* **WORK REQUEST**
Could you retype every line below exactly, omitting the images?

* **Text-to-region grounding data**
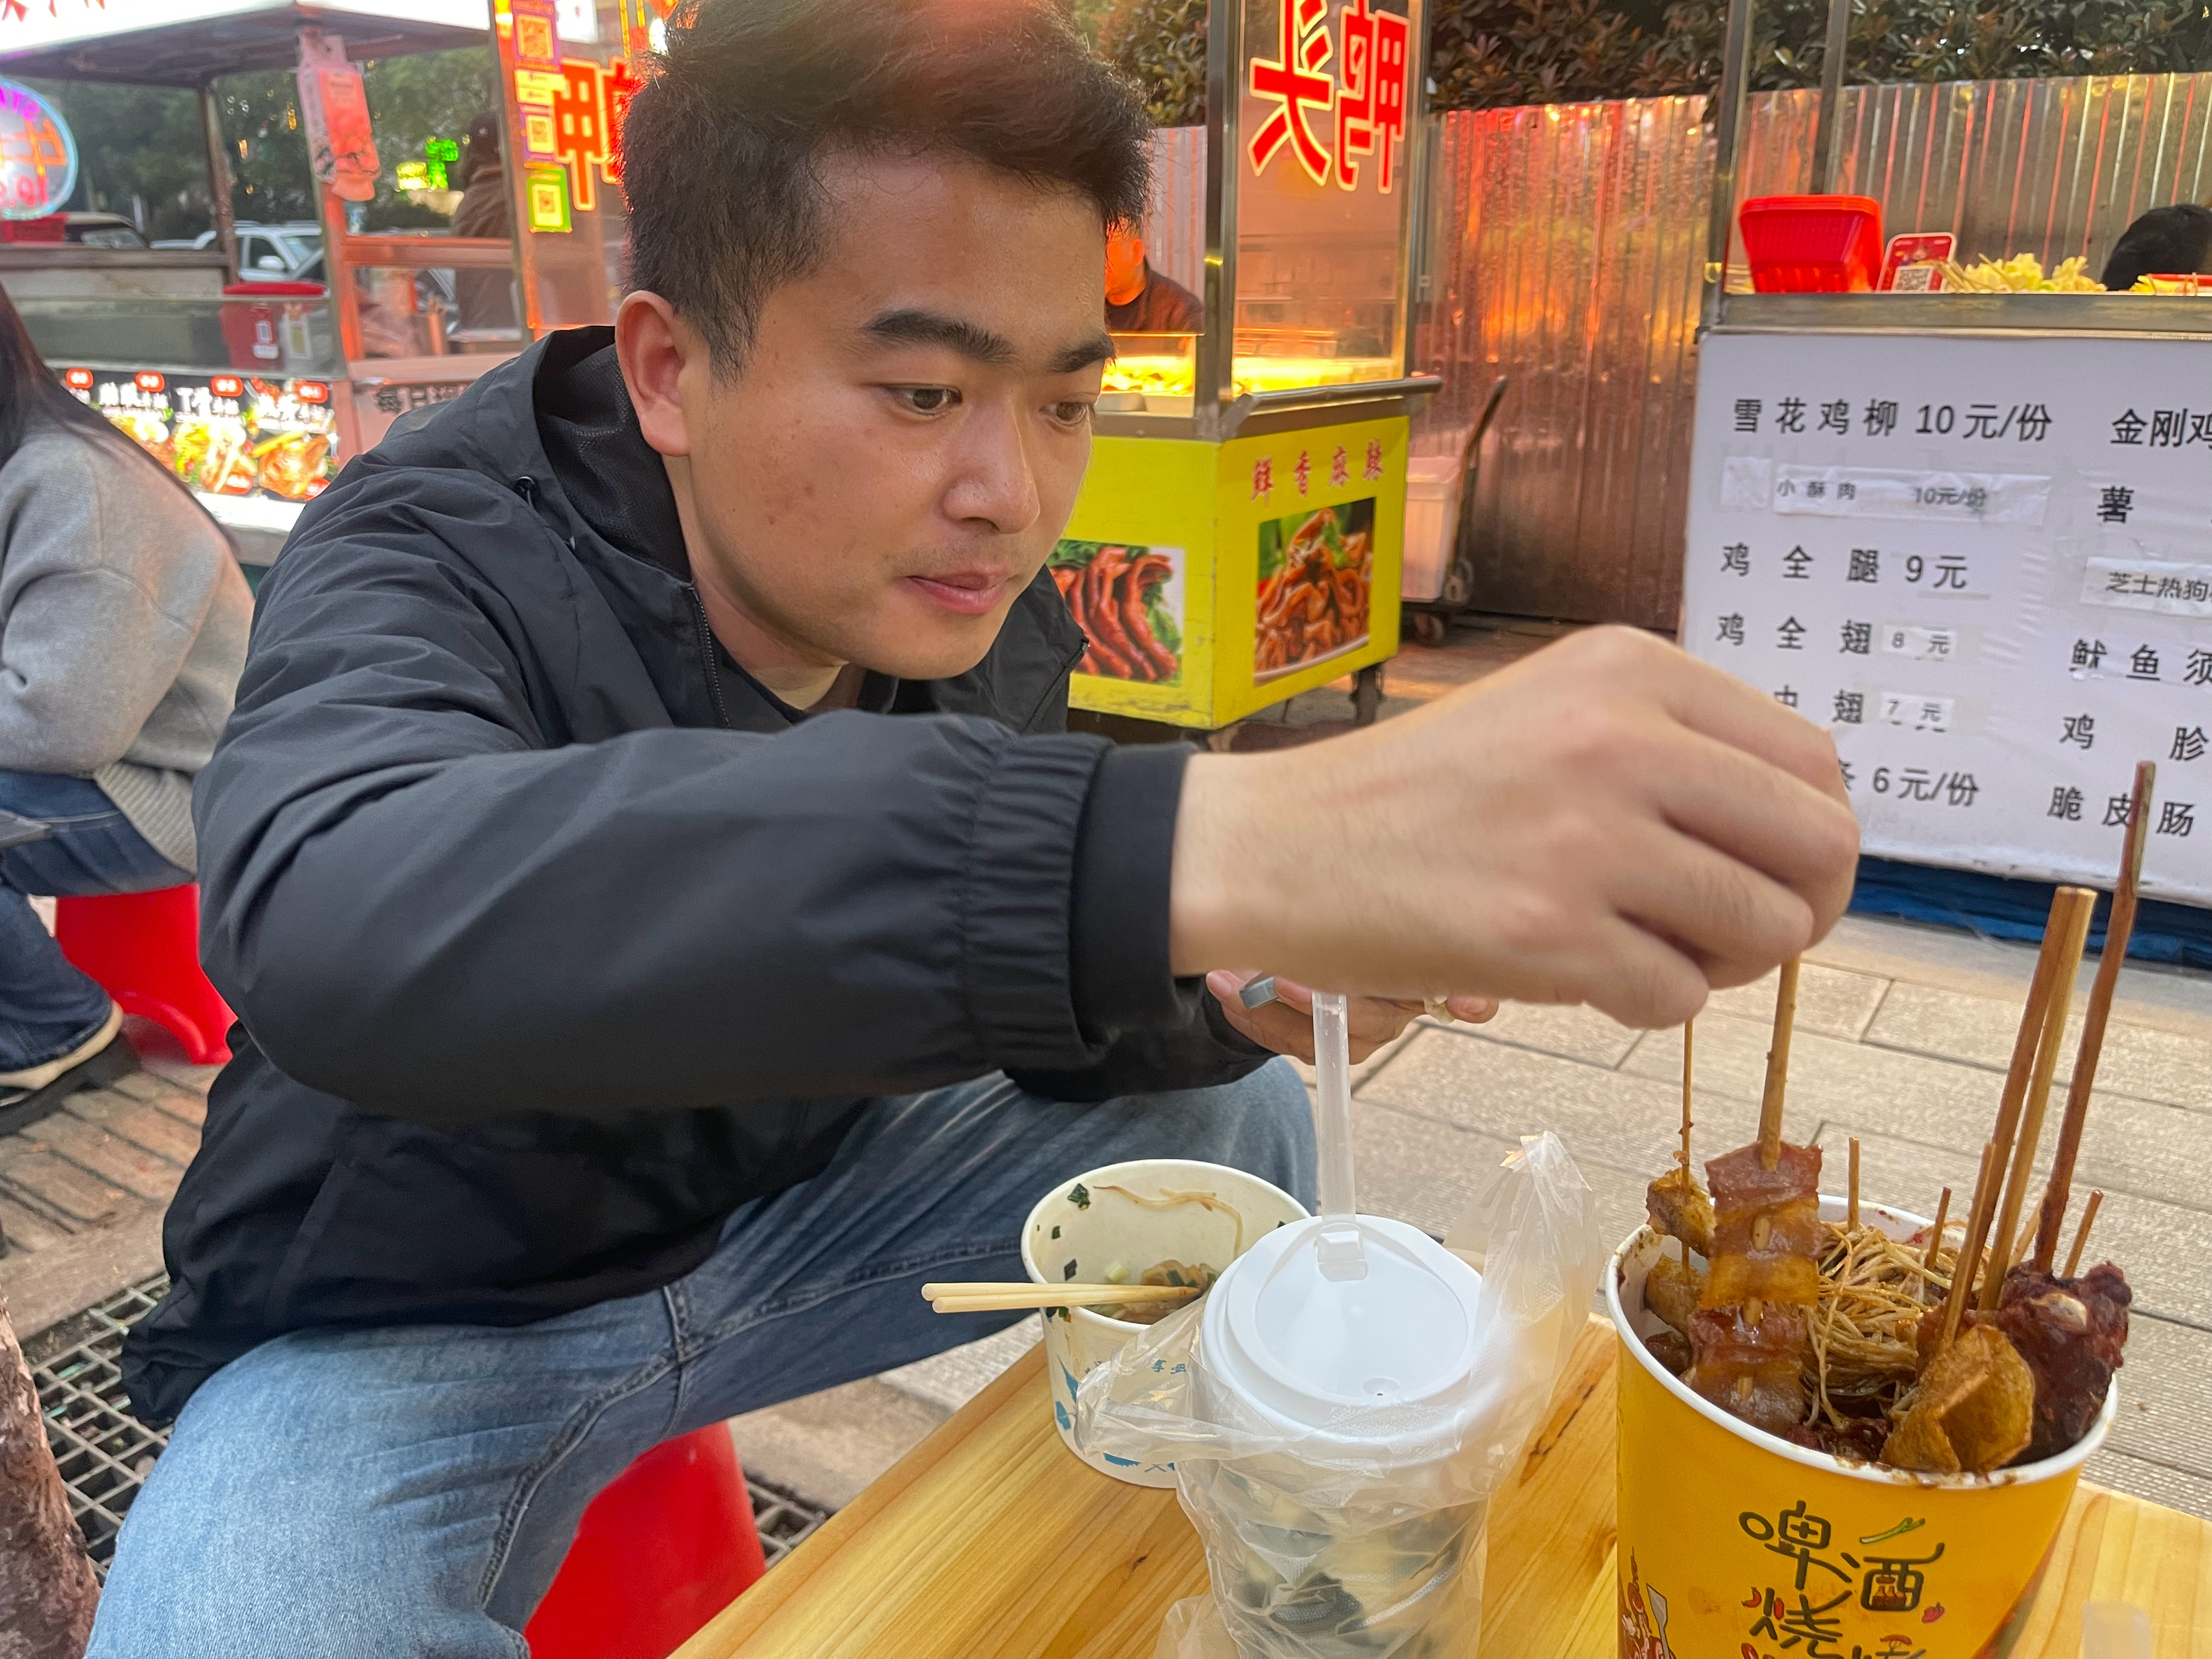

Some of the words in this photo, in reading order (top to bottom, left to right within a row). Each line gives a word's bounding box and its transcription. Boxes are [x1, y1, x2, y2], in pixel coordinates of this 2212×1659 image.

[1734, 397, 1899, 436] 雪花鸡柳
[2109, 408, 2212, 449] 金刚鸡
[1777, 478, 1858, 501] 小酥肉
[2096, 486, 2135, 523] 薯
[1720, 542, 1880, 583] 鸡全腿
[1905, 555, 1968, 589] 9元
[2105, 571, 2212, 602] 芝士热狗
[1716, 613, 1873, 654] 鸡全翅
[1892, 631, 1950, 654] 8元
[2068, 638, 2212, 686] 鱿鱼须
[1887, 698, 1941, 722] 7元
[2059, 713, 2209, 761] 鸡胗
[2047, 786, 2194, 837] 脆皮肠
[1739, 1499, 1945, 1611] 啤酒

* **RESULT OF THIS TASK**
Some of the words in this photo, in reading order (top to bottom, left to right within a row). Each line gives a word's bounding box and its transcription. Boxes are [x1, y1, x2, y2], in pixel coordinates of this 2212×1659 image.

[1734, 397, 1899, 436] 雪花鸡柳
[2109, 408, 2212, 449] 金刚鸡
[1777, 478, 1858, 501] 小酥肉
[2096, 486, 2135, 523] 薯
[1720, 542, 1880, 583] 鸡全腿
[1905, 555, 1968, 589] 9元
[2105, 571, 2212, 602] 芝士热狗
[1716, 613, 1873, 654] 鸡全翅
[1892, 631, 1950, 654] 8元
[2068, 638, 2212, 686] 鱿鱼须
[1887, 698, 1941, 722] 7元
[2059, 713, 2209, 761] 鸡胗
[2047, 786, 2194, 837] 脆皮肠
[1739, 1499, 1945, 1611] 啤酒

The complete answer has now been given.